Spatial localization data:
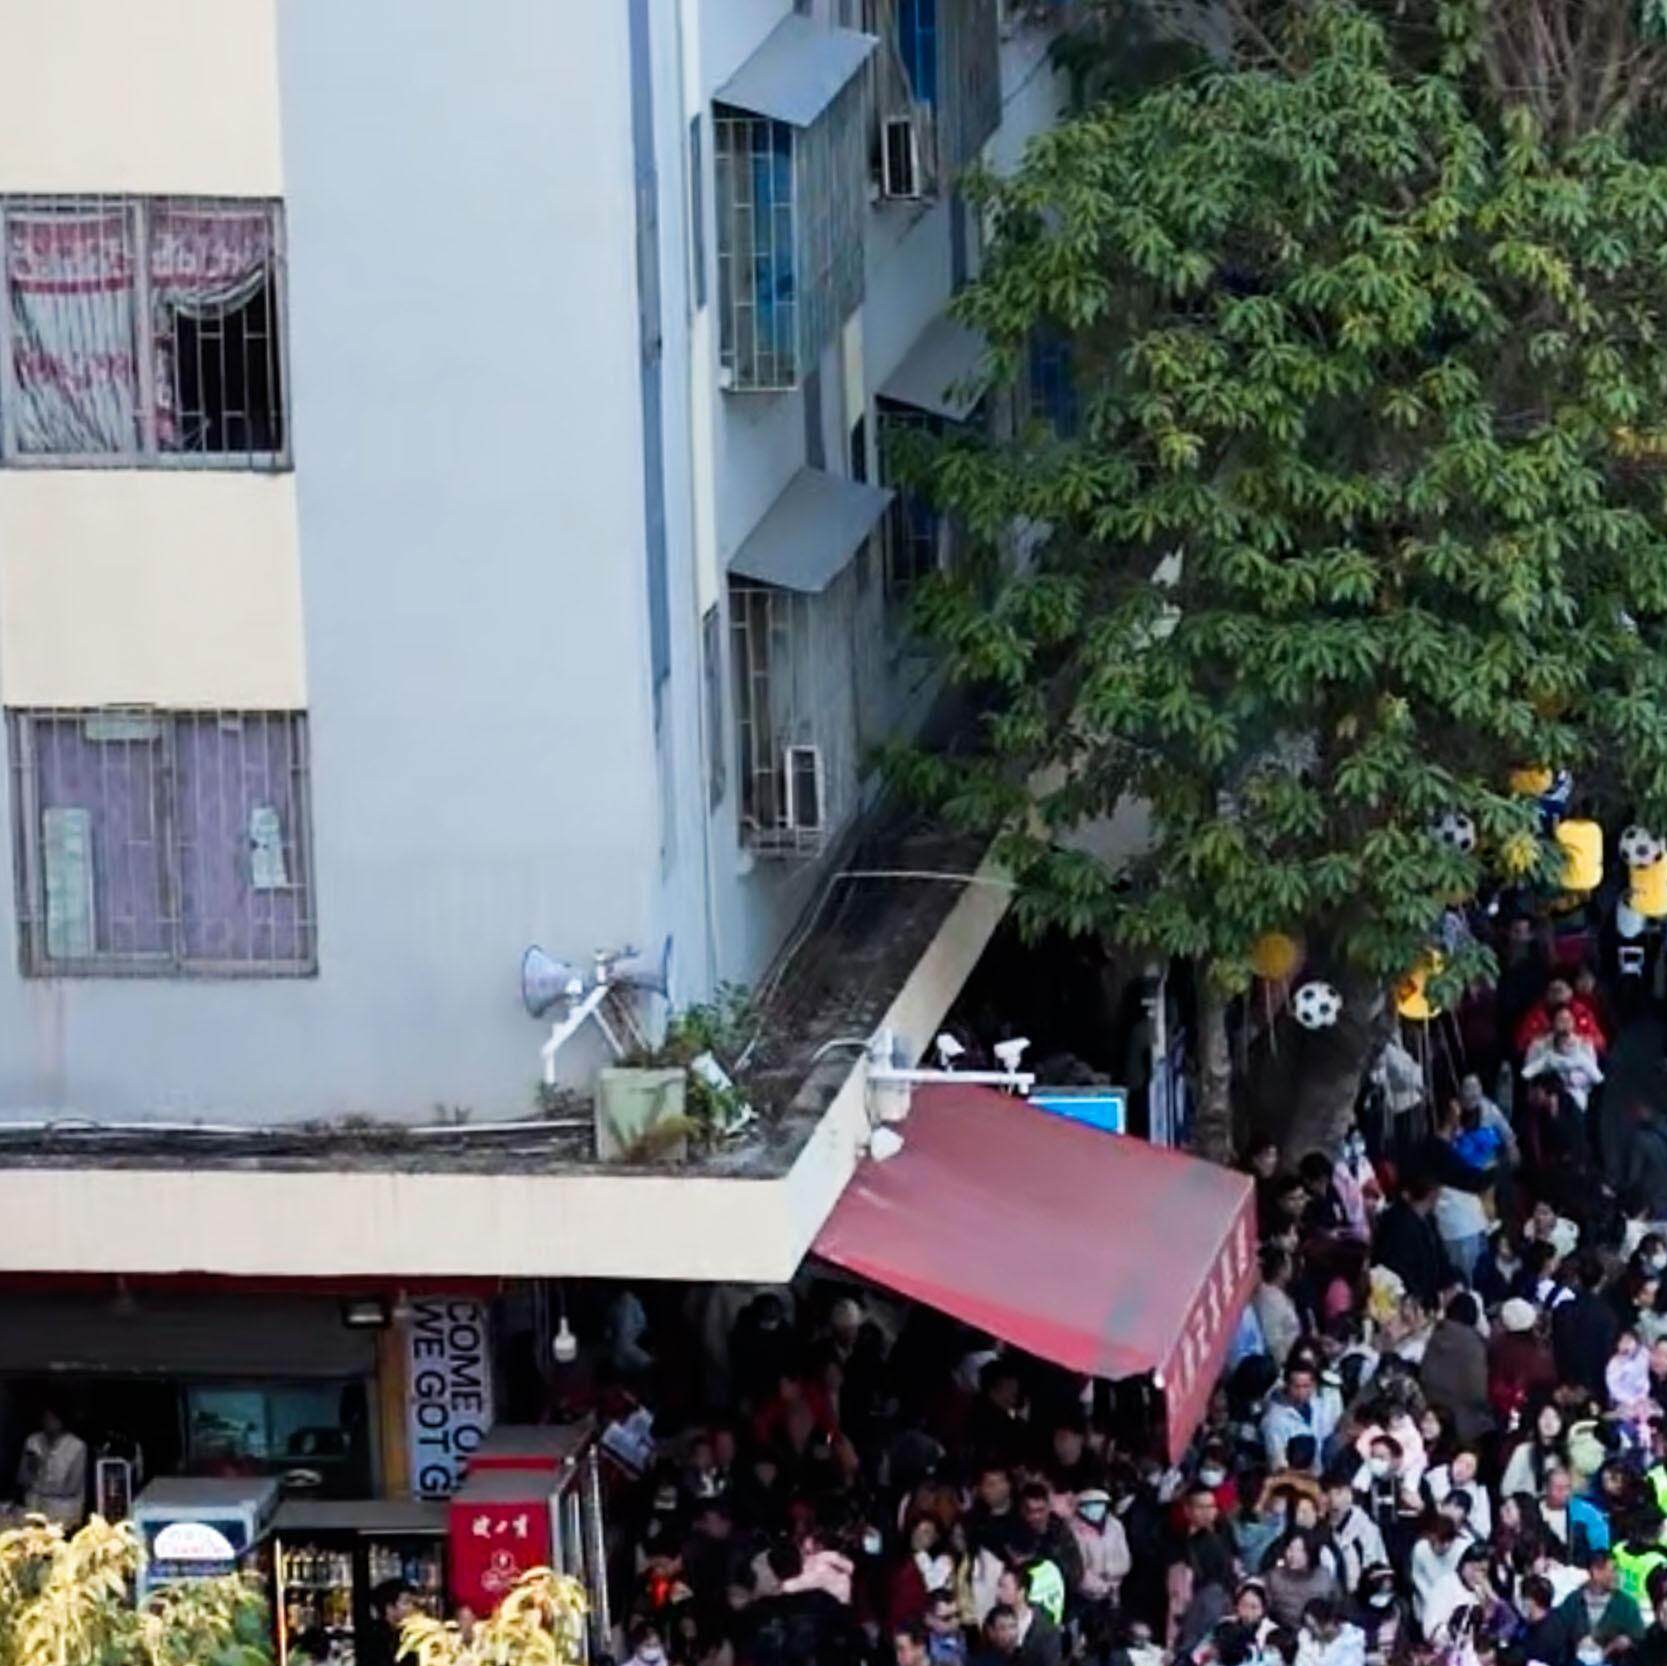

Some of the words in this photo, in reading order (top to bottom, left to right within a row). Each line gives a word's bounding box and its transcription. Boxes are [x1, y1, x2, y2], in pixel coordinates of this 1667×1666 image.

[413, 1302, 444, 1359] WE
[448, 1302, 482, 1413] COME
[415, 1371, 449, 1453] GOT
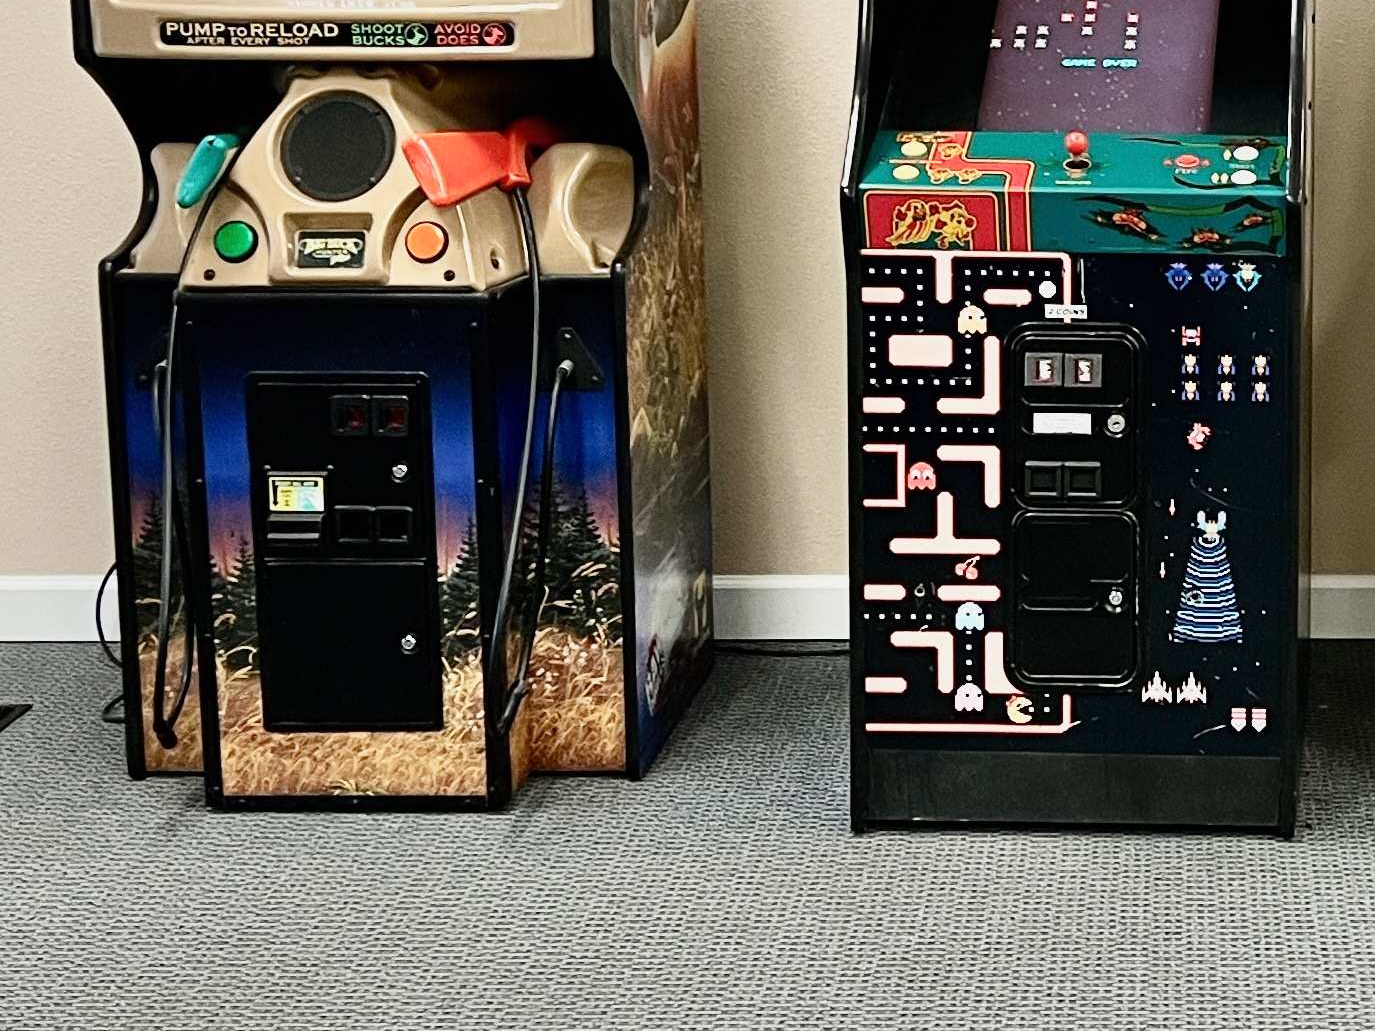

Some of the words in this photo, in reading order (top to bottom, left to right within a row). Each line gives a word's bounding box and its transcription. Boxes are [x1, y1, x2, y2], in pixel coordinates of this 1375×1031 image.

[165, 21, 226, 37] PUMP
[250, 22, 340, 37] RELOAD
[350, 23, 405, 34] SHOOT
[433, 23, 481, 34] AVOID
[185, 36, 226, 45] AFTER
[230, 36, 271, 46] EVERY
[276, 36, 311, 45] SHOT
[352, 35, 406, 46] BUCKS
[436, 35, 480, 45] DOES
[1061, 58, 1097, 67] GAME
[1102, 58, 1139, 68] OVER

Aim of the exercise - Hand back the records above exactly, leaving out every picture.

Response below -
Some of the words in this photo, in reading order (top to bottom, left to right within a row). Each line gives a word's bounding box and its transcription. Boxes are [x1, y1, x2, y2], in pixel coordinates of this 1667×1666 image.

[413, 1302, 444, 1359] WE
[448, 1302, 482, 1413] COME
[415, 1371, 449, 1453] GOT

Some of the words in this photo, in reading order (top to bottom, left to right within a row). Each line gives a word's bounding box and its transcription. Boxes are [x1, y1, x2, y2], in pixel coordinates of this 1375×1031 image.

[165, 21, 226, 37] PUMP
[250, 22, 340, 37] RELOAD
[350, 23, 405, 34] SHOOT
[433, 23, 481, 34] AVOID
[185, 36, 226, 45] AFTER
[230, 36, 271, 46] EVERY
[276, 36, 311, 45] SHOT
[352, 35, 406, 46] BUCKS
[436, 35, 480, 45] DOES
[1061, 58, 1097, 67] GAME
[1102, 58, 1139, 68] OVER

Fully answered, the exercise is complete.